It was March 26, 1954, 8 hours 30 minutes in the morning when the team started with Gregory. After thoracotomy and inspection of the situs, the father was prepared as donor using a light narcosis and local anesthesia in the groin. Like in the animal experiments, the surgeons connected the circulation of father and child with tubes and their pump. After opening the right ventricle, the area was not bloodless, but using some suction they could identify the VSD, approximately 12 mm in diameter. Lillehei closed it with single stitches, the ventriculotomy with a continuous silk suture. The cross-circulation time was 19 minutes. The father survived after the operation without problems. The son stayed for 5 hours in the recovery room and was then transferred to his room on the ward. An intensive care unit was not existent. A nurse was attending Gregory day and night, Lillehei or one of the team was present continuously. Gregory's circulatory condition was stable, all organs were functioning, the child was alert, already enjoying food. But suddenly, on the 7th postoperative day, the respiration deteriorated. Immediately, antibiotics were administered and a tracheotomy performed, but the boy died 11 days after the operation due to pneumonia. Despite this, another milestone in cardiac surgery had been established. Lillehei continued with his ideas with emphasis and enthusiasm. As a matter of fact, two additional similar operations in April 1954 were successful.[10] [12]

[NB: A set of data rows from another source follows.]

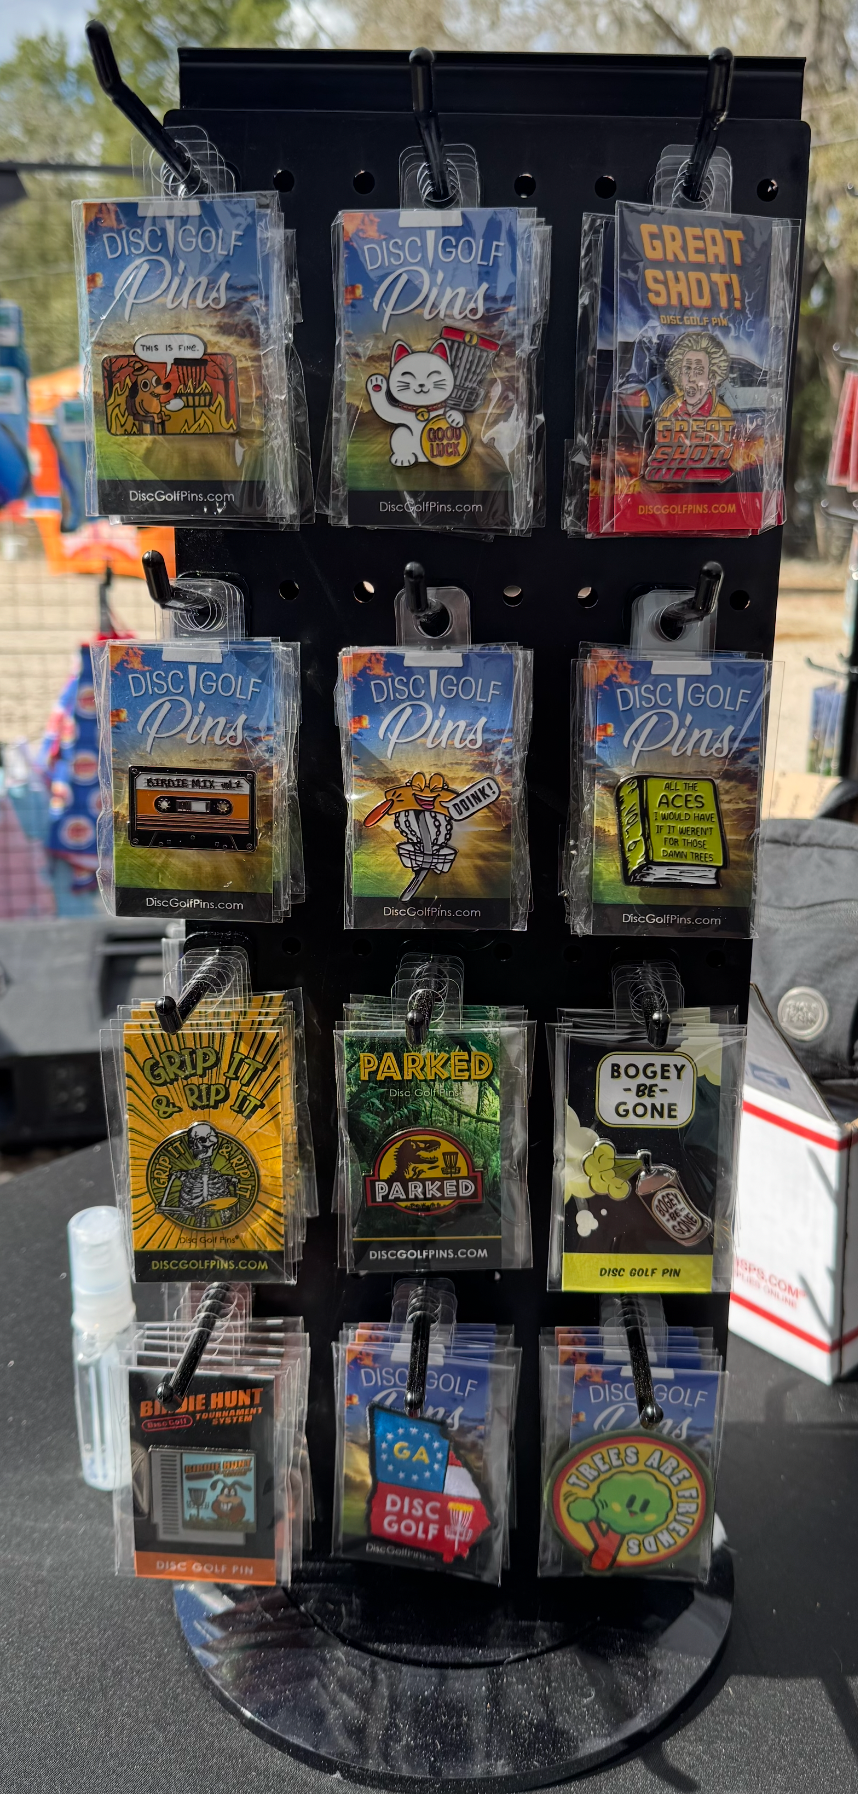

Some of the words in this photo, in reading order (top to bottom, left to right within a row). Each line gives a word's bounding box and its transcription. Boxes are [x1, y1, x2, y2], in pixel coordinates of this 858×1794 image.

[103, 227, 163, 259] DISC
[178, 226, 244, 256] GOLF
[364, 236, 422, 270] DISC
[438, 235, 505, 267] GOLF
[640, 223, 744, 267] GREAT
[114, 256, 231, 322] Pins
[644, 269, 742, 310] SHOT!
[373, 266, 490, 334] Pins
[660, 315, 681, 326] DISC
[683, 316, 709, 326] GOLF
[712, 317, 728, 327] PIN
[140, 344, 159, 352] THIS
[165, 344, 173, 352] IS
[427, 426, 462, 442] GOOD
[656, 419, 736, 443] GREAT
[430, 442, 460, 458] LUCK
[129, 490, 235, 503] DiscGolfPins.com
[379, 501, 483, 514] DiscGolfPins.com
[638, 503, 736, 516] DISCGOLFPINS.COM
[128, 670, 184, 697] DISC
[200, 671, 262, 700] GOLF
[370, 675, 425, 703] DISC
[440, 675, 502, 703] GOLF
[616, 683, 672, 712] DISC
[687, 683, 752, 711] GOLF
[137, 696, 247, 755] Pins
[378, 701, 488, 760] Pins
[622, 709, 735, 767] Pins
[146, 777, 188, 788] BIRDIE
[191, 779, 215, 789] MIX
[664, 782, 680, 791] ALL
[683, 782, 698, 791] THE
[452, 782, 496, 816] DOINK!
[657, 794, 705, 809] ACES
[653, 812, 658, 820] I
[661, 812, 691, 821] WOULD
[693, 812, 715, 822] HAVE
[655, 825, 664, 834] IF
[667, 825, 675, 834] IT
[678, 826, 713, 836] WEREN'T
[663, 837, 679, 846] FOR
[683, 838, 707, 849] THOSE
[661, 849, 688, 859] DAMN
[690, 851, 714, 862] TREES
[146, 898, 244, 911] DiscGolfPins.com
[383, 907, 481, 918] DiscGolfPins.com
[622, 913, 721, 926] DiscGolfPins.com
[142, 1046, 220, 1087] GRIP
[223, 1051, 268, 1087] IT
[359, 1051, 494, 1081] PARKED
[610, 1063, 687, 1081] BOGEY
[152, 1094, 183, 1119] &
[185, 1083, 230, 1110] RIP
[230, 1090, 265, 1120] IT
[389, 1088, 411, 1097] Disc
[414, 1088, 436, 1097] Golf
[614, 1102, 679, 1120] GONE
[168, 1141, 185, 1158] IT
[218, 1143, 232, 1159] &
[153, 1155, 172, 1188] GRIP
[230, 1155, 251, 1179] RIP
[236, 1183, 253, 1199] IT
[374, 1178, 476, 1202] PARKED
[655, 1192, 681, 1217] BOGEY
[671, 1212, 697, 1235] GONE
[179, 1235, 197, 1244] Disc
[200, 1236, 217, 1244] Golf
[369, 1248, 488, 1260] DISCGOLFPINS.COM
[151, 1259, 269, 1271] DISCGOLFPINS.COM
[599, 1267, 626, 1278] DISC
[629, 1267, 658, 1278] GOLF
[661, 1268, 681, 1278] PIN
[425, 1370, 478, 1397] GOLF
[210, 1388, 264, 1410] HUNT
[653, 1384, 708, 1408] GOLF
[195, 1407, 263, 1420] TOURNAMENT
[212, 1414, 253, 1425] SYSTEM
[393, 1441, 430, 1464] GA
[184, 1462, 220, 1474] BIRDIE
[223, 1458, 252, 1469] HUNT
[568, 1446, 640, 1490] TREES
[644, 1449, 691, 1487] ARE
[385, 1494, 441, 1520] DISC
[383, 1515, 439, 1541] GOLF
[627, 1487, 699, 1556] FRIENDS
[156, 1560, 187, 1572] DISC
[192, 1562, 227, 1574] GOLF
[232, 1565, 254, 1575] PIN

Now Lillehei went public: he gave a press conference, very probable the first press conference of a surgeon ever, presenting his patients. The echo was breathtaking, the newspapers tumbled over: “miracle, fantastic, impossible surgery, revolutionary!”[10]

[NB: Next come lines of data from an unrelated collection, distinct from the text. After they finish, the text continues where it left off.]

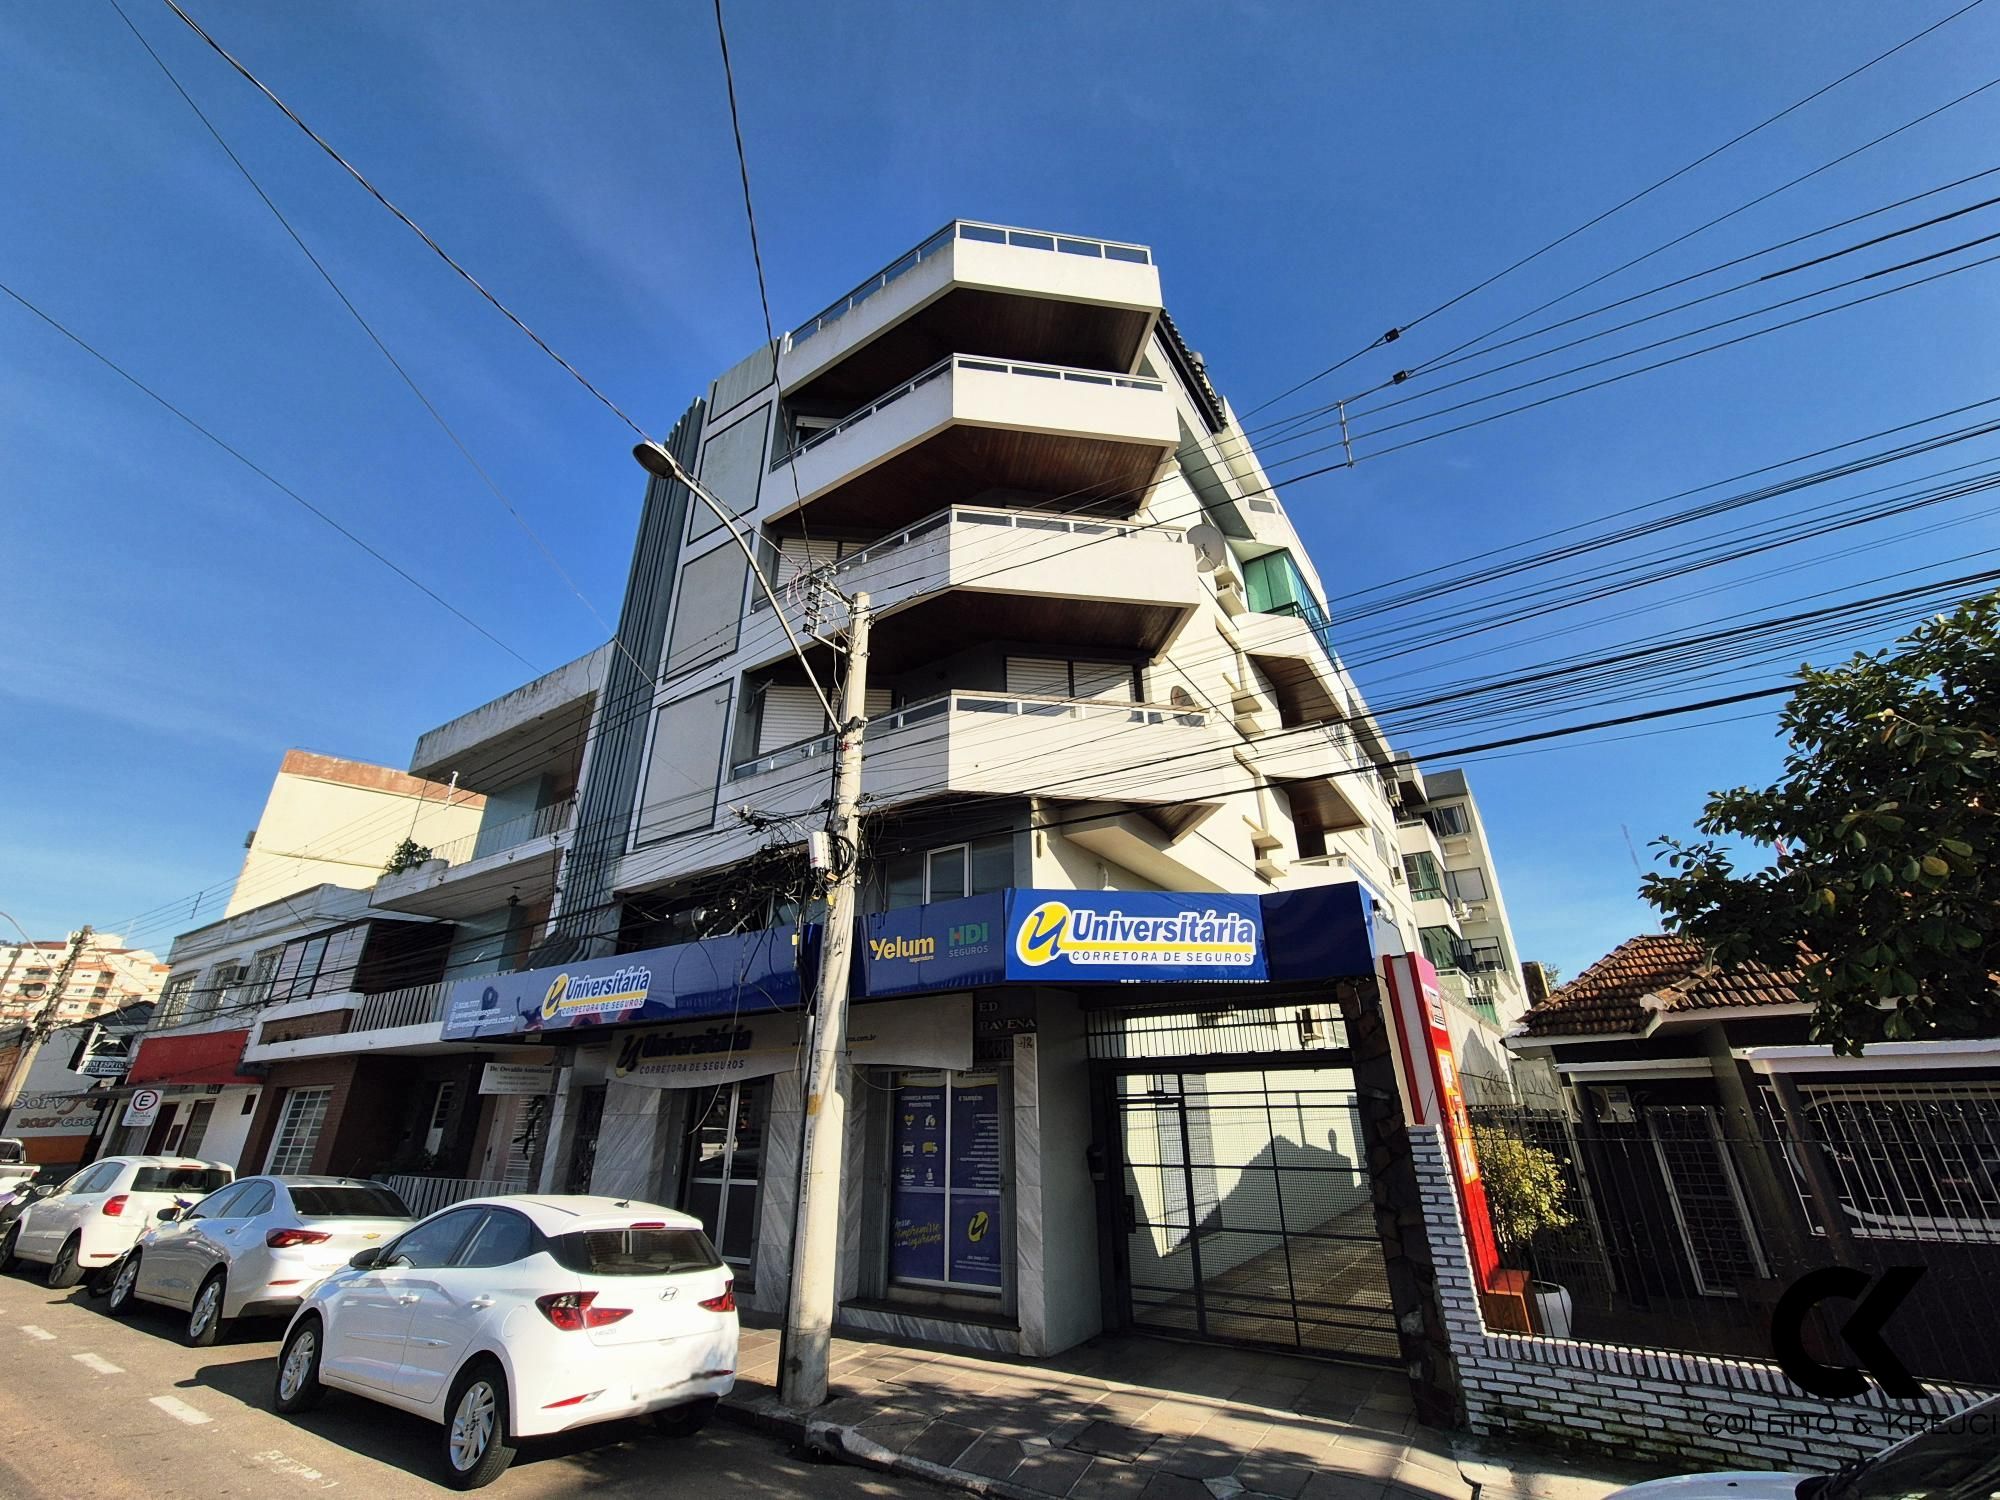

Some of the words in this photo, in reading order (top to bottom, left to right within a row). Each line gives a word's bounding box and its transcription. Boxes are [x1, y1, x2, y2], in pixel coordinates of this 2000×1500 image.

[948, 922, 989, 946] HDI
[1072, 910, 1251, 943] Universitária
[869, 936, 935, 961] Yelum
[948, 945, 990, 958] SEGUROS
[1072, 951, 1158, 962] CORRETORA
[1163, 952, 1182, 962] DE
[1189, 952, 1252, 963] SEGUROS
[565, 966, 650, 1000] Universitária
[561, 1005, 600, 1016] CORRETORA
[600, 1003, 609, 1011] DE
[611, 998, 644, 1009] SEGUROS
[978, 1001, 998, 1012] ED
[978, 1017, 1037, 1032] RAVENA
[642, 1024, 753, 1058] Universitária
[639, 1063, 687, 1075] CORRETORA
[689, 1062, 700, 1072] DE
[702, 1059, 745, 1072] SEGUROS
[138, 1095, 151, 1107] E
[16, 1116, 61, 1129] 3027

Just a little later, Lillehei presented his scientific data to the medical world. The basic consideration was what he called the “azygos factor”: As a result of some earlier animal experiments it was an accepted fact that after occlusion of both venae cavae the flow from the now dilated vena azygos appeared sufficient for organ perfusion.[2] [12] In other words, an organism at rest, here the “donor,” will have sufficient perfusion if the blood flow is one-third of normal with no organ damage observed. Yet, in the recipient, this low flow will induce metabolic acidosis due to some tissue hypoxia. The donor will compensate that with hyperventilation and respiratory alkalosis. In addition, the donor will lack approximately 4 to 20% of his cardiac output depending on the size of the patient. In addition, one has to consider that after opening the beating heart some blood loss is inevitable. At that time, there was no cardiac suction, blood gases, or electrolytes were not measured, no defibrillator or pacemaker existed. Furthermore, there was just a recovery room, artificial respiration was not possible. During the next months, Lillehei continued his work quite intensely. Some spectacular results should be mentioned like the correction of a total atrioventricular canal. On August 31, 1954, he succeeded in correcting a tetralogy of Fallot, at that time considered the Mount Everest of cardiac surgery.

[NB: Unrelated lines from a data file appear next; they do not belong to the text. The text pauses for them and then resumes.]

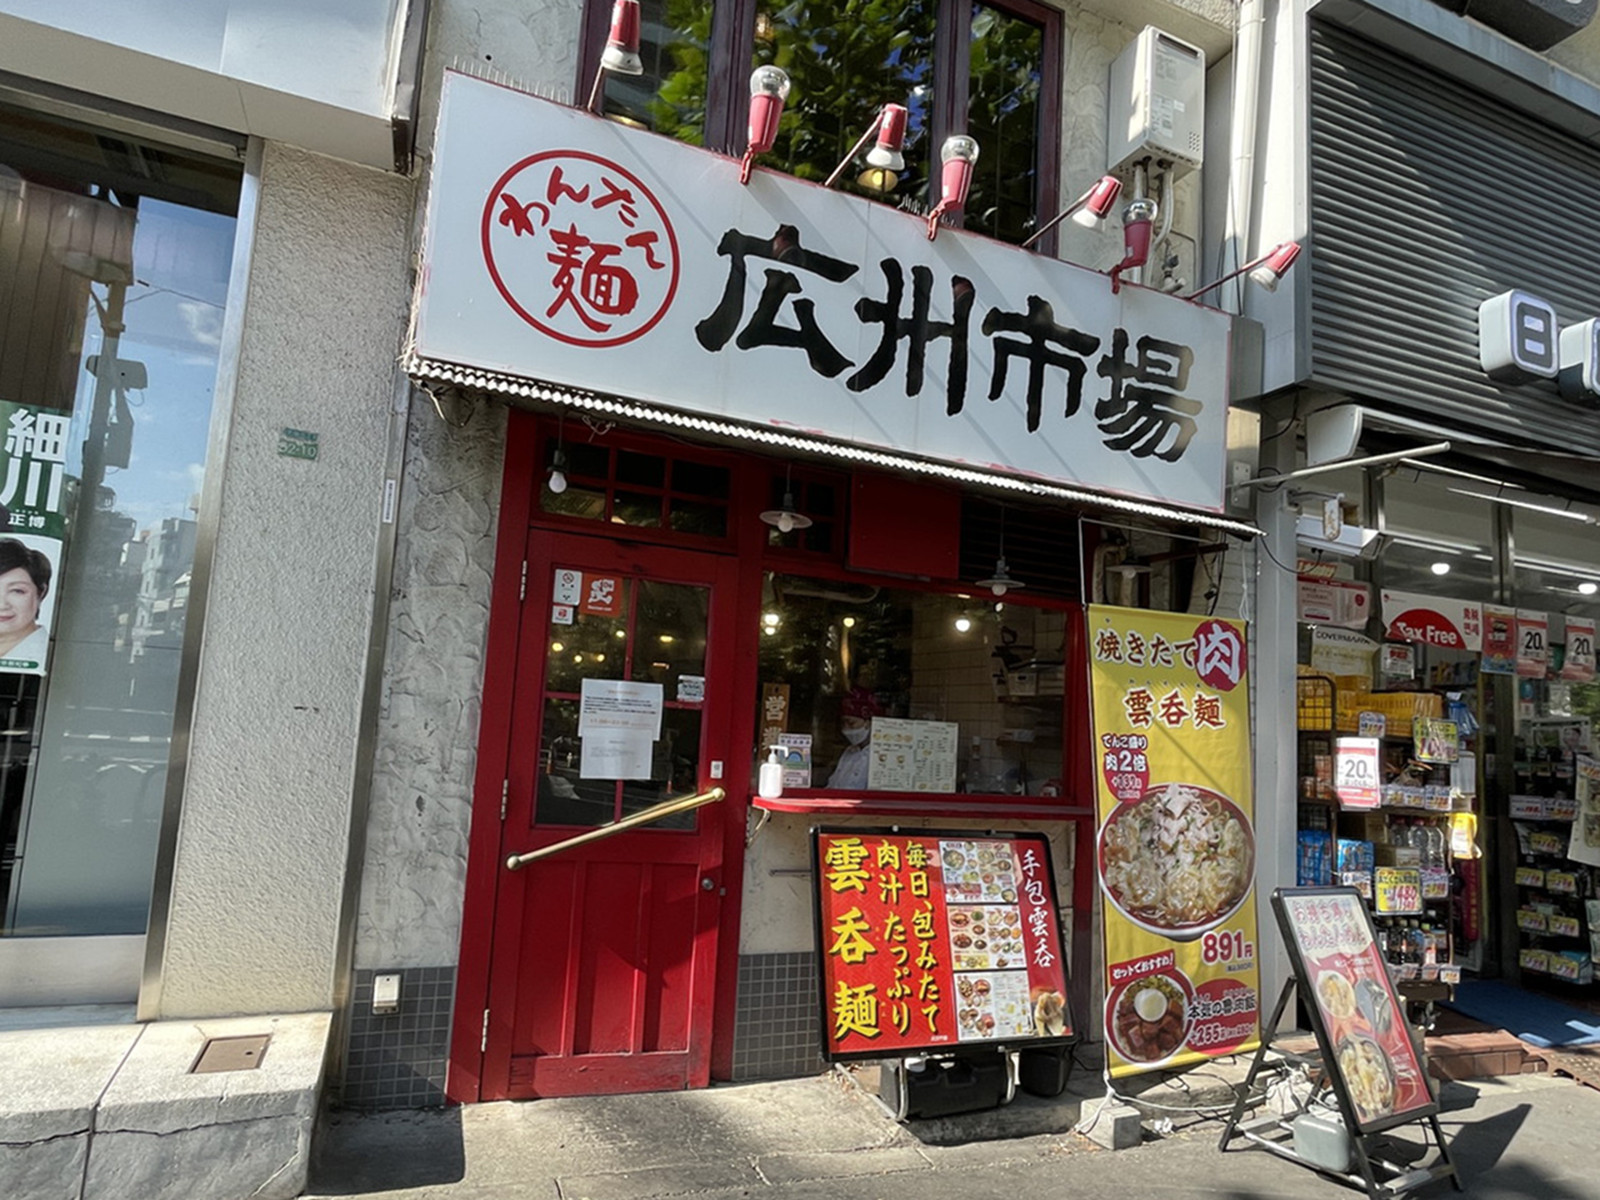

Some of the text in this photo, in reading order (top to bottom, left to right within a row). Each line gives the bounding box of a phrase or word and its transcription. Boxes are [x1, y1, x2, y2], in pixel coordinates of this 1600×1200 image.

[695, 224, 1203, 462] 広州市場
[0, 407, 71, 513] 細川
[8, 512, 45, 529] 正博
[1096, 622, 1241, 684] 焼きたて 肉
[1396, 622, 1457, 645] Tax Free
[1123, 687, 1226, 729] 雲呑麺
[825, 837, 881, 1039] 雲呑麺
[876, 839, 911, 1035] 肉汁たっぷり
[1022, 849, 1055, 968] 手包雲呑
[1202, 930, 1253, 964] 891円

With such news, he electrified the audience at the first Henry Ford Symposium in Detroit in 1955. Conversely, several failures happened, the mortality ranged above 50%. Lillehei always felt full responsibility and insisted to bring the bad news to the parents himself. In the world of cardiac doctors, however, there was quite some uproar, some even called him “murderer.” Helen Taussig, for instance, commented on his success cynically: “Too bad, now he will continue.”[10] [13] [14] [15] [16]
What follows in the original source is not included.